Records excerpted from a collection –
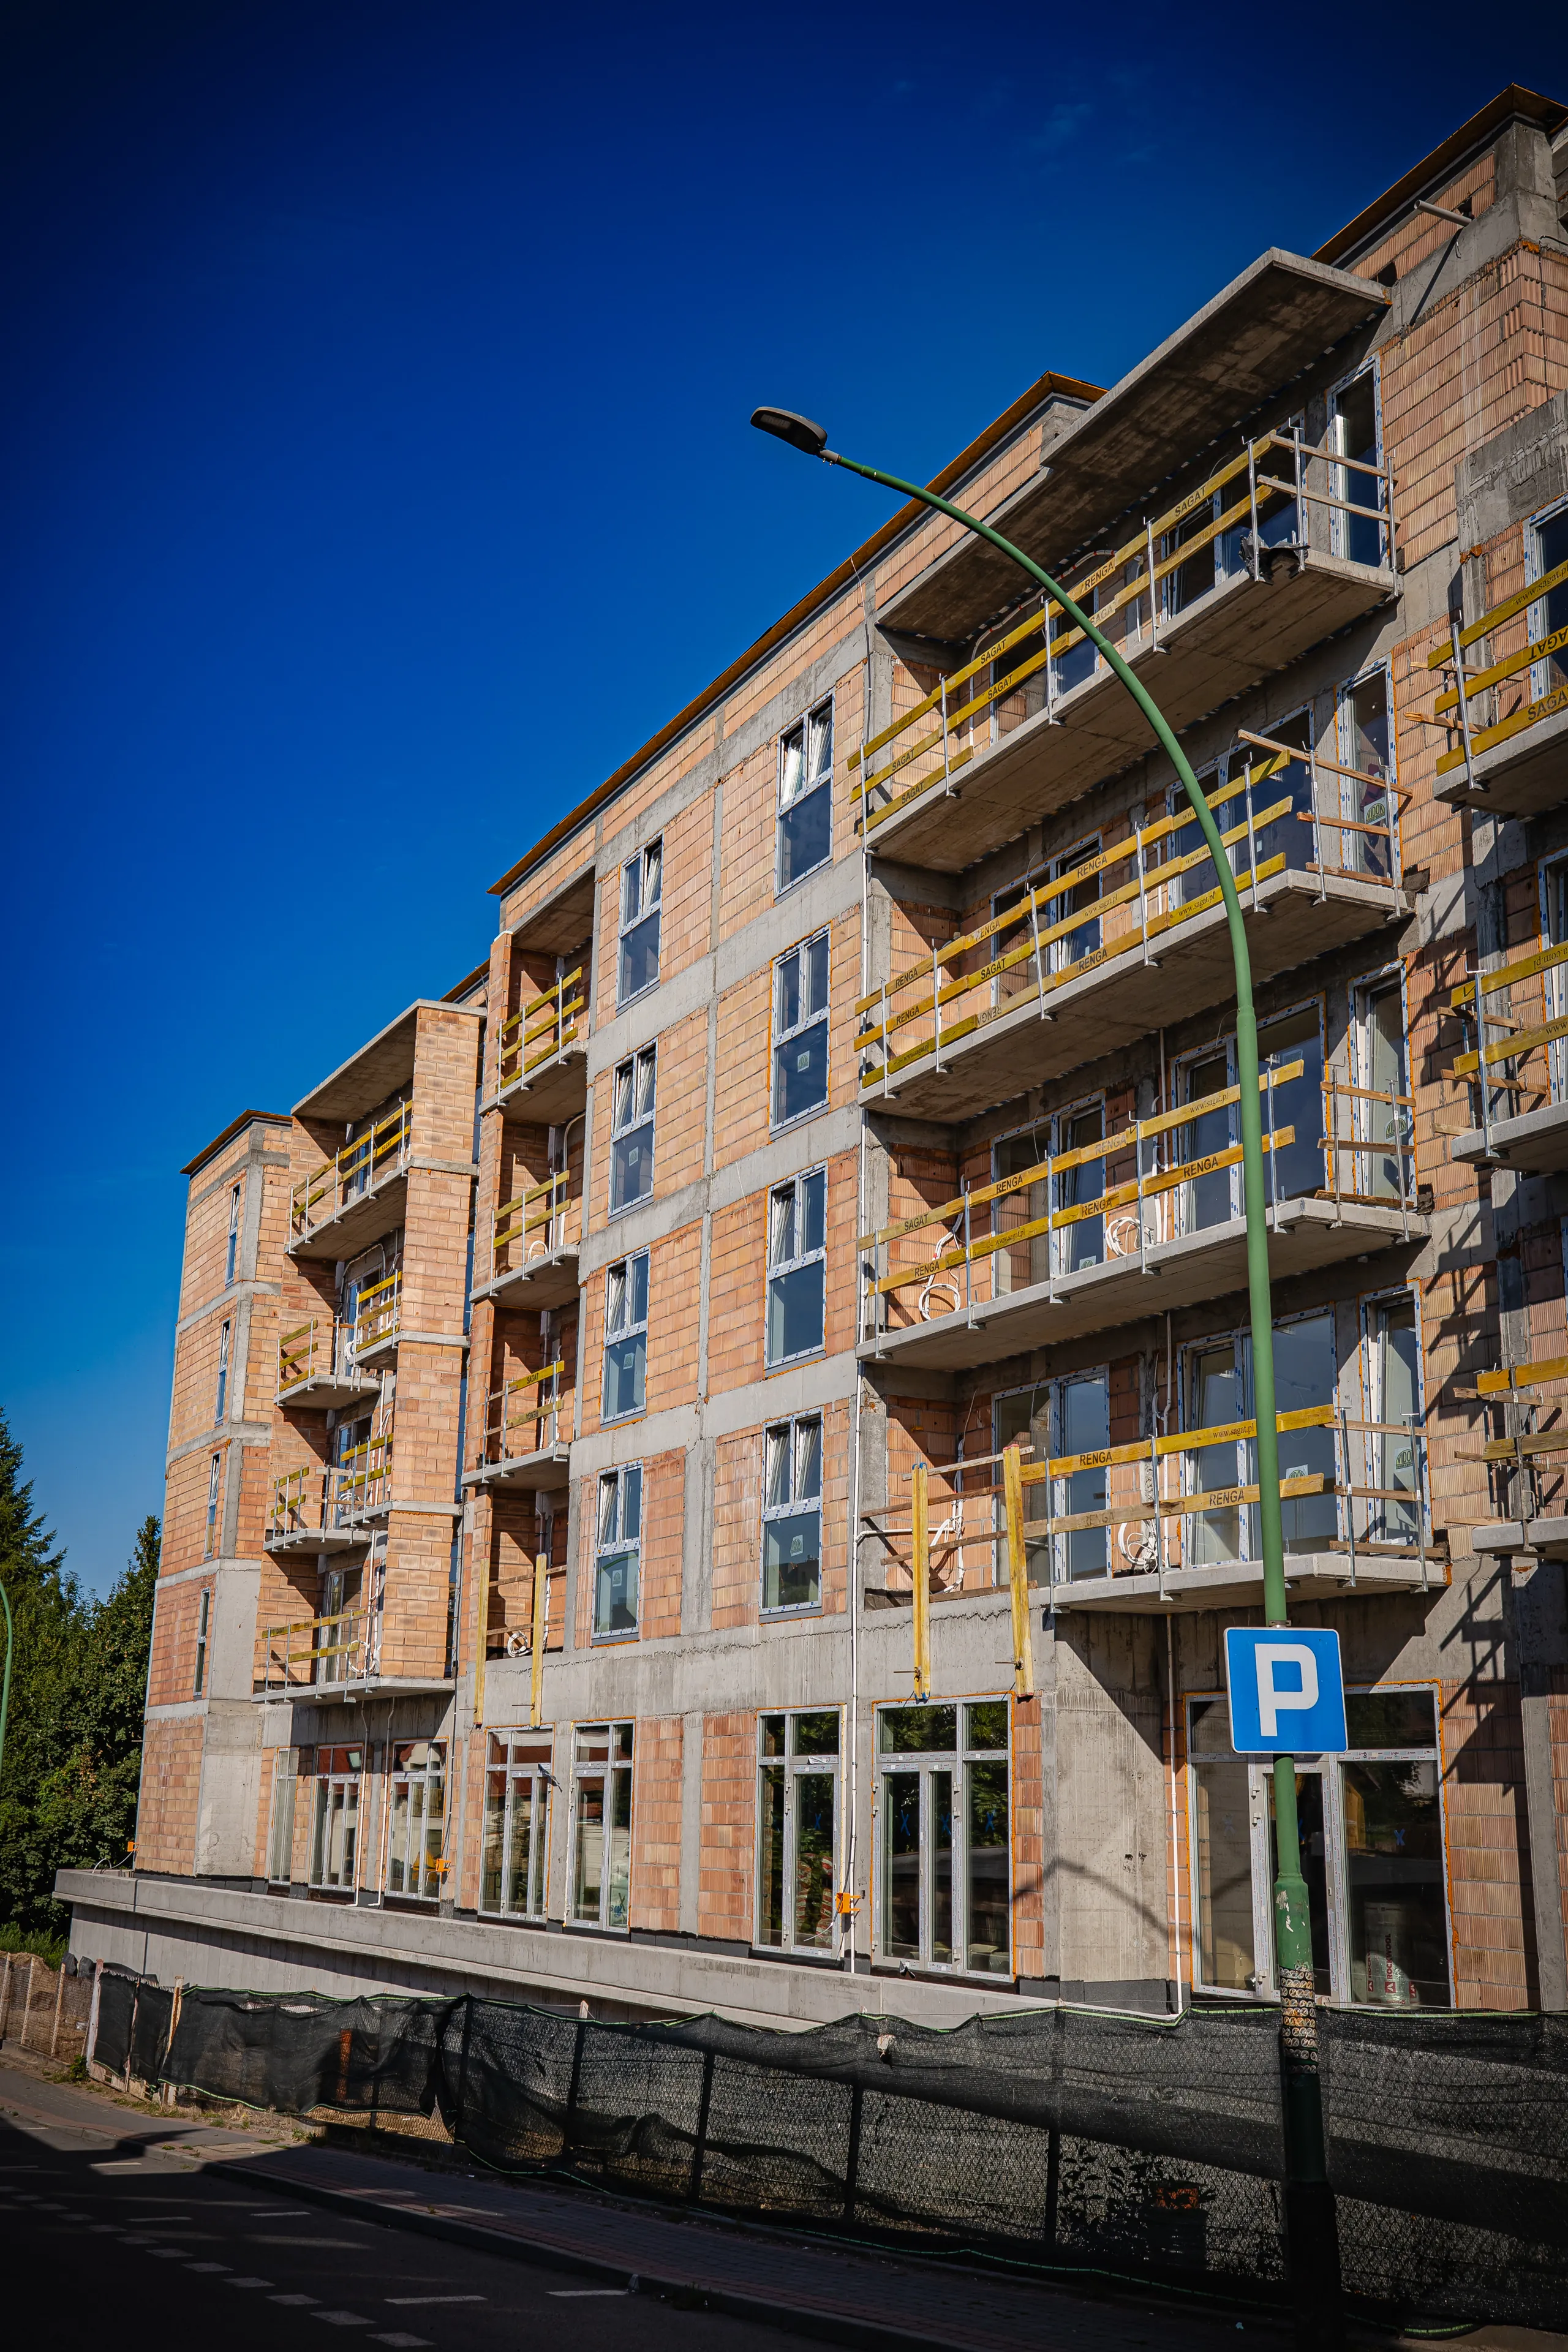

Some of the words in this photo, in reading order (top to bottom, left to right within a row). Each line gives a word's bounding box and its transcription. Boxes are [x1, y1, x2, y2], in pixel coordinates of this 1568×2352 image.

[1175, 485, 1206, 517] SAGAT
[1085, 562, 1114, 590] RENGA
[1090, 601, 1115, 625] SAGA
[981, 639, 1006, 665] SAGAT
[987, 674, 1013, 700] SAGAT
[1528, 687, 1568, 721] SAGA
[892, 748, 914, 771] SAGAT
[901, 781, 924, 804] SAGAT
[1367, 804, 1384, 819] VIDOK
[1077, 853, 1107, 879] RENGA
[1084, 894, 1118, 918] www.sagat.pl
[1178, 891, 1216, 917] www.sagat.pl
[981, 958, 1006, 980] SAGAT
[1079, 948, 1108, 972] RENGA
[1534, 947, 1568, 970] a.com.pl
[895, 968, 918, 989] RENGA
[896, 1005, 920, 1025] RENGA
[1189, 1093, 1228, 1114] www.sagat.pl
[1095, 1134, 1126, 1156] RENGA
[1183, 1156, 1218, 1178] RENGA
[996, 1175, 1023, 1194] RENGA
[1082, 1198, 1112, 1217] RENGA
[904, 1213, 929, 1231] SAGAT
[914, 1262, 940, 1277] RENGA
[527, 1373, 539, 1384] SAGAT
[1213, 1423, 1254, 1439] www.sagat.pl
[1080, 1451, 1112, 1466] RENGA
[1398, 1450, 1412, 1464] VIDO
[1209, 1489, 1244, 1506] RENGA
[1254, 1643, 1319, 1736] P

What you have to do – Print every entry exactly. Pictures are not part of the copy.

Task result –
Some of the words in this photo, in reading order (top to bottom, left to right within a row). Each line gives a word's bounding box and its transcription. Boxes are [x1, y1, x2, y2], in pixel coordinates of this 1568×2352 image.

[1175, 485, 1206, 517] SAGAT
[1085, 562, 1114, 590] RENGA
[1090, 601, 1115, 625] SAGA
[981, 639, 1006, 665] SAGAT
[987, 674, 1013, 700] SAGAT
[1528, 687, 1568, 721] SAGA
[892, 748, 914, 771] SAGAT
[901, 781, 924, 804] SAGAT
[1367, 804, 1384, 819] VIDOK
[1077, 853, 1107, 879] RENGA
[1084, 894, 1118, 918] www.sagat.pl
[1178, 891, 1216, 917] www.sagat.pl
[981, 958, 1006, 980] SAGAT
[1079, 948, 1108, 972] RENGA
[1534, 947, 1568, 970] a.com.pl
[895, 968, 918, 989] RENGA
[896, 1005, 920, 1025] RENGA
[1189, 1093, 1228, 1114] www.sagat.pl
[1095, 1134, 1126, 1156] RENGA
[1183, 1156, 1218, 1178] RENGA
[996, 1175, 1023, 1194] RENGA
[1082, 1198, 1112, 1217] RENGA
[904, 1213, 929, 1231] SAGAT
[914, 1262, 940, 1277] RENGA
[527, 1373, 539, 1384] SAGAT
[1213, 1423, 1254, 1439] www.sagat.pl
[1080, 1451, 1112, 1466] RENGA
[1398, 1450, 1412, 1464] VIDO
[1209, 1489, 1244, 1506] RENGA
[1254, 1643, 1319, 1736] P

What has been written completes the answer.